Так что сначала надо внимательно прочесть русскую фразу, вдуматься в ее смысл и, если что-нибудь покажется странным, поискать, в каком слове может прятаться ошибка. Думаю, не стоит подробно останавливаться на такой широко известной и часто обсуждаемой теме, как уже упоминавшиеся “ложные друзья переводчика”: все мы знаем, что есть на свете коварные иностранные слова, которые прикидываются простыми и понятными в расчете на то, что нам будет лень искать их в словаре и мы переведем их неправильно. Интернет переполнен списками таких слов. Заучивать их ни к чему; надо просто проверять по словарю все незнакомые английские слова, включая те, смысл которых кажется очевидным.

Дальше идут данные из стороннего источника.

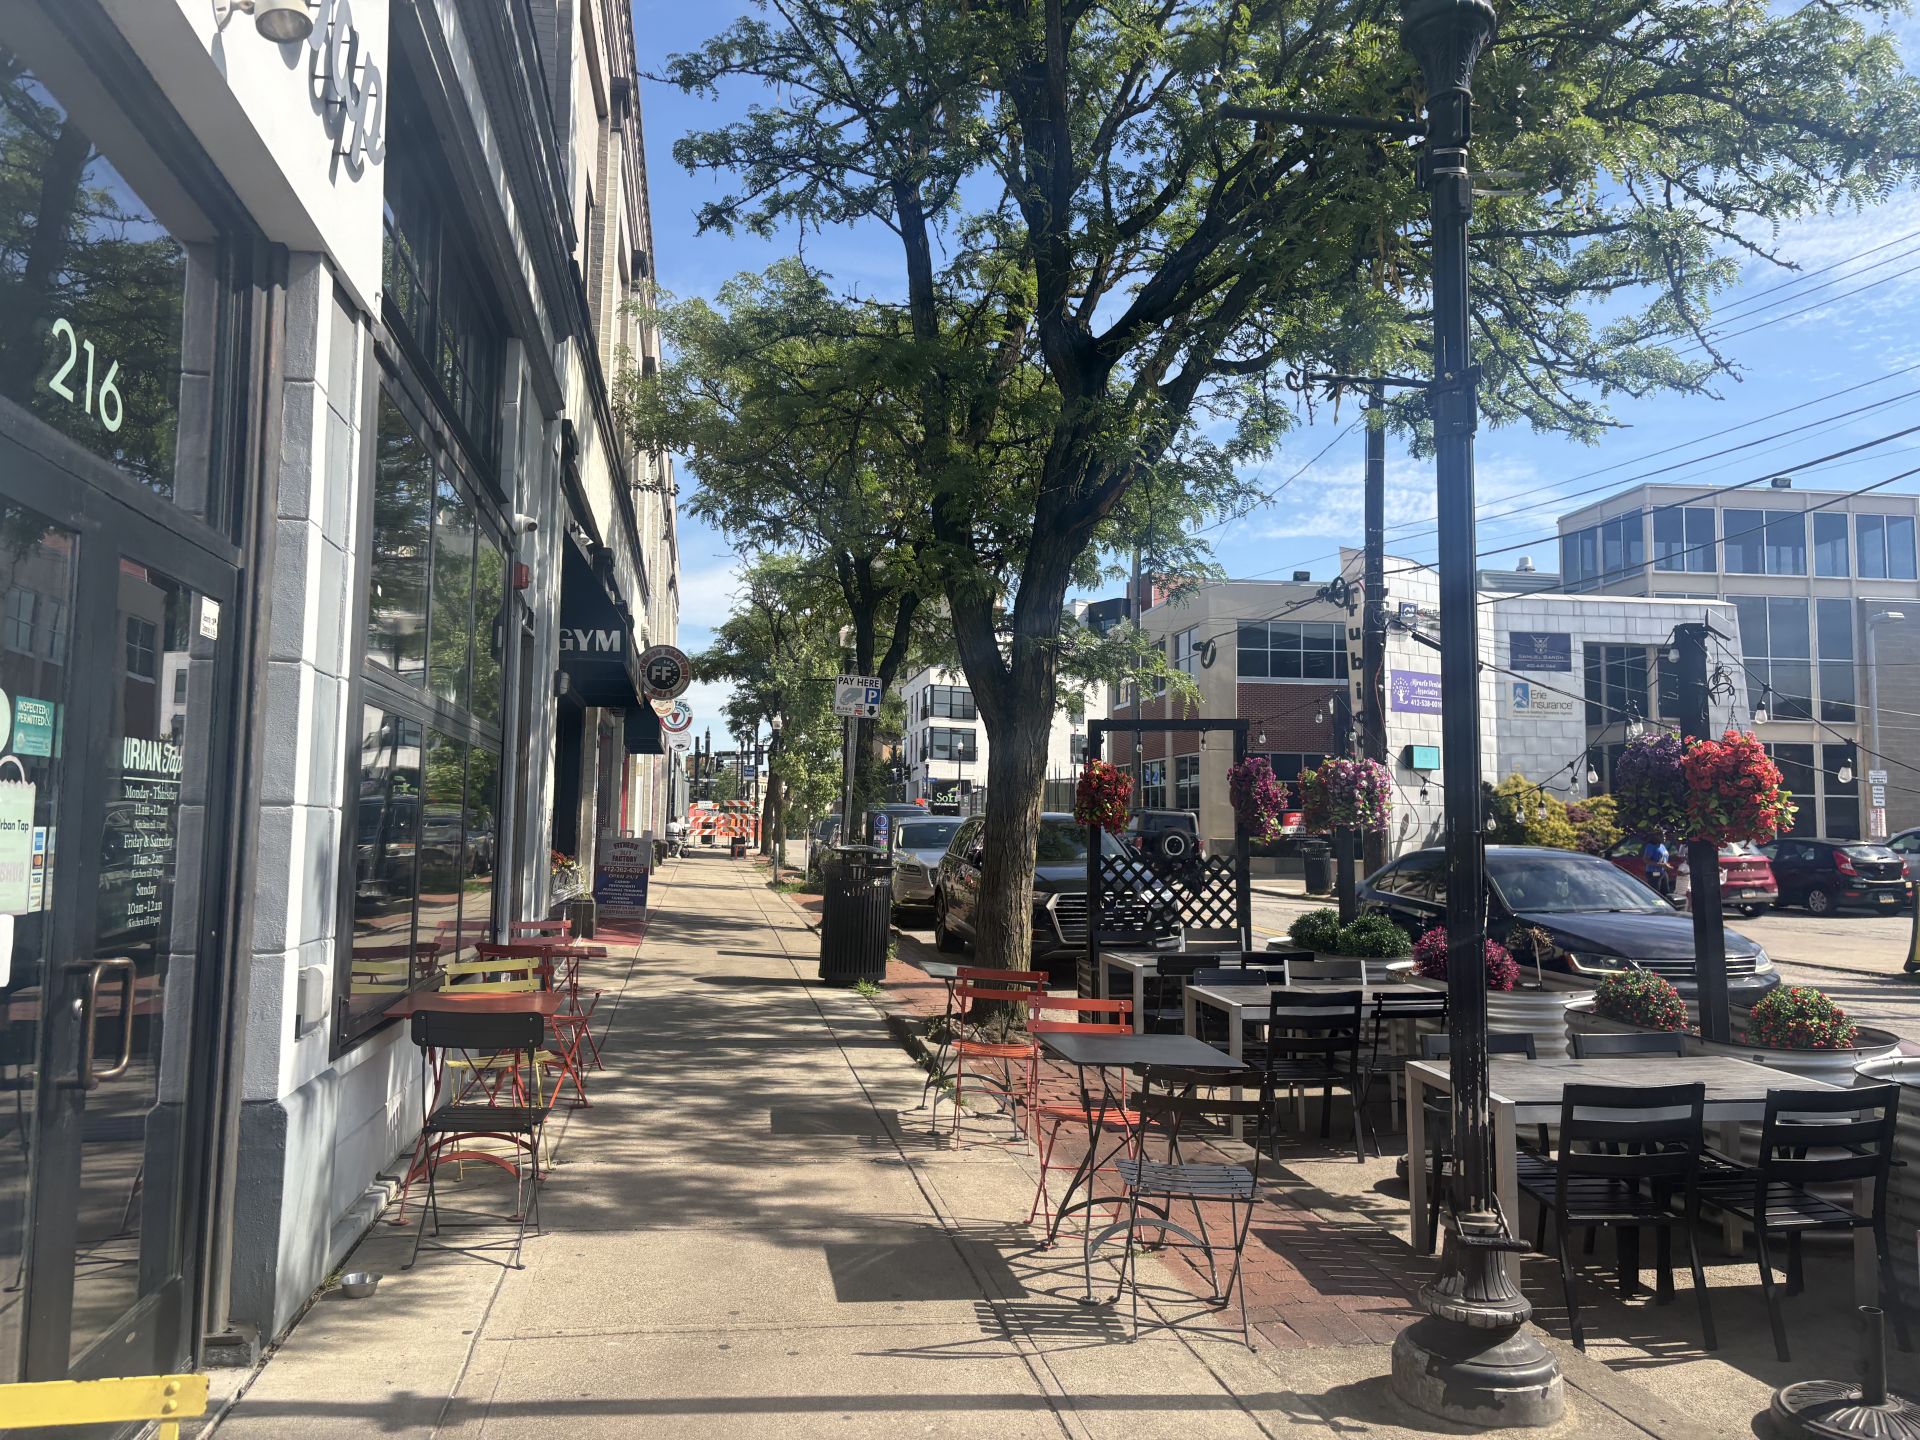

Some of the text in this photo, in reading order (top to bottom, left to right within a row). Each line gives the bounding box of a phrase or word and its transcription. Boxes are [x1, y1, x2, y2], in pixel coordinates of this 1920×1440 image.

[48, 317, 123, 432] 216
[559, 628, 620, 652] GYM
[651, 665, 672, 680] FF
[838, 676, 880, 688] PAY HERE
[1530, 689, 1547, 700] Erie
[17, 701, 46, 716] INSPECTED
[1530, 701, 1573, 710] Insurance
[123, 736, 184, 779] URBAN Tap
[125, 785, 149, 803] Monday
[0, 819, 29, 834] rban Tap
[124, 833, 143, 852] Friday
[150, 833, 174, 849] Saturday
[136, 881, 157, 898] Sunday

Но вот мы еще раз сравнили нашу русскую фразу с оригиналом и установили, что смысловых ошибок в ней нет (кстати, чтобы окончательно убедиться в этом, надо еще проверить по толковому словарю все русские слова, в значении которых мы не уверены, потому что редко их употребляем). Даже после этого нас зачастую не покидает ощущение, что слова для нашей фразы можно было бы подобрать и получше. Так почему, даже имея огромный словарный запас, мы не попадаем с нашим лексическим выбором в яблочко с первой же попытки?

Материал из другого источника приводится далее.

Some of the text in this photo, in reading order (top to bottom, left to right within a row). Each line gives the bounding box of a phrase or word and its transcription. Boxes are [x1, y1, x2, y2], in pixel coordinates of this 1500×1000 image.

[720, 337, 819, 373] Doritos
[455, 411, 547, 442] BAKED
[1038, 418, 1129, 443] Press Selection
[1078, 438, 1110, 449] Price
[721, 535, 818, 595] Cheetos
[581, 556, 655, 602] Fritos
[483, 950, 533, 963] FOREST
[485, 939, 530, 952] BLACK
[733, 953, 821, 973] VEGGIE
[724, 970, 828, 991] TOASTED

Причина в том, что этот запас еще в основном пассивен. Даже если мы прочли по-русски много хороших книг и извлекли из них уйму полезных слов и выражений, пока они лежат в дальних складских помещениях нашей памяти мертвым грузом[7]7
  Конечно, не совсем мертвым. Некоторые из этих слов и выражений разнообразят наш повседневный язык, а кроме того, поскольку все это “не пустые слова”, они служат удобрением для души, смягчая и обогащая ее, а значит, и помогая нам лучше понимать то, что мы переводим.


[Закрыть]
, а наш внутренний писатель мастерит фразы из материала, который находится у него под рукой, то есть из своего повседневного устного лексикона (с добавкой слов, только что подсказанных ему англо-русским словарем). Впрочем, в художественном переводе часто пробуют свои силы и представители вида homo scribens – например, журналисты и переводчики других специальностей, – и тогда к этому материалу добавляется доля той лексики, которую они обычно используют на письме, включая даже печально известный канцелярит. Но это не только не помогает делу, а наоборот, лишь дополнительно осложняет его.

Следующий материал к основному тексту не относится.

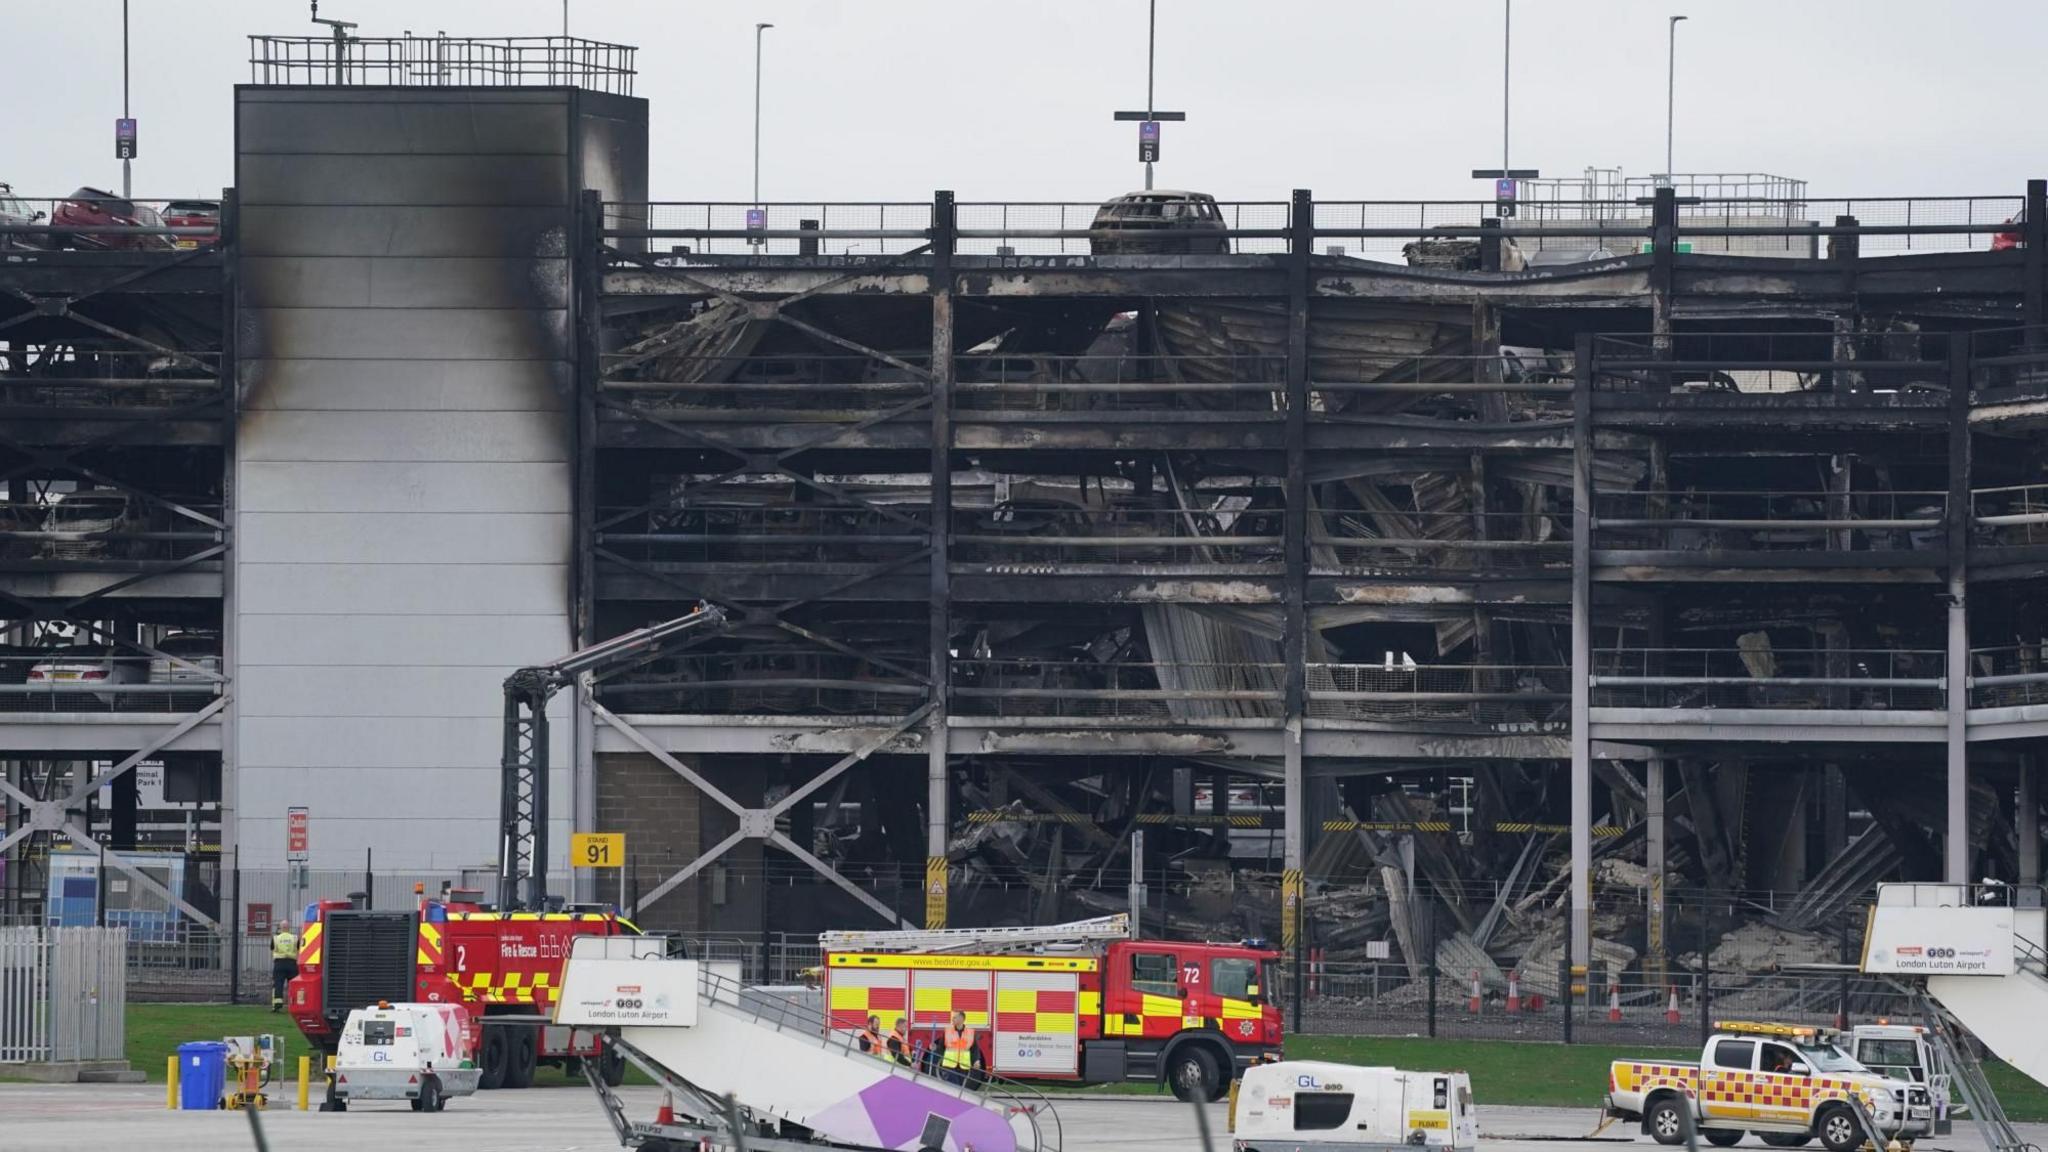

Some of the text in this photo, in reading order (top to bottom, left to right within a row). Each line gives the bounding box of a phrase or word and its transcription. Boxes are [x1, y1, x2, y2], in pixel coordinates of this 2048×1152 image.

Чтобы освоить все накопленные в течение жизни лексические резервы, мы должны вытащить их из погребов памяти и перевести из пассивного, “архивного” состояния в активное. Для этого служит одна из двух основных процедур, к которым начинающему переводчику худлита необходимо прибегать постоянно. Это – поиск синонимов.

Синонимы

Самое простое определение синонимов таково: это слова, которые пишутся и звучат по-разному, но имеют одинаковые или близкие значения. Строго говоря, для наших целей его надо было бы слегка изменить, поскольку нас интересует не только прямое значение каждого слова, но и все его “побочные” свойства (в частности, и то, как оно пишется и произносится), причем последние оказываются порой чуть ли не важнее первого. Из этого следует, что двух синонимов, абсолютно одинаковых в нужном нам смысле, не существует. Можно было бы переформулировать стандартное определение и сказать, что синонимы – это слова, которые выполняют в художественном тексте приблизительно одну и ту же роль, или определить их еще короче как взаимозаменяемые слова (а иногда и сочетания слов). Но я предлагаю не стремиться к научной точности, иначе мы совсем запутаемся. Давайте придерживаться классического определения, просто будем учитывать, что а) даже при замене одного-единственного слова во фразе на другое, самое близкое к нему по прямому значению, эта фраза меняется, иногда кардинально, и б) наоборот, в художественном тексте даже очень далекие друг от друга по фактическому значению слова могут оказаться вполне взаимозаменяемыми. Попробуйте, например, заменить во фразе из какого-нибудь официального документа (а в романе может попасться и такая) любое слово на его просторечный или диалектный аналог, и вы убедитесь в справедливости первой оговорки. Примеры, иллюстрирующие вторую, мы уже видели, когда обсуждали границы переводческой свободы, и скоро увидим новые.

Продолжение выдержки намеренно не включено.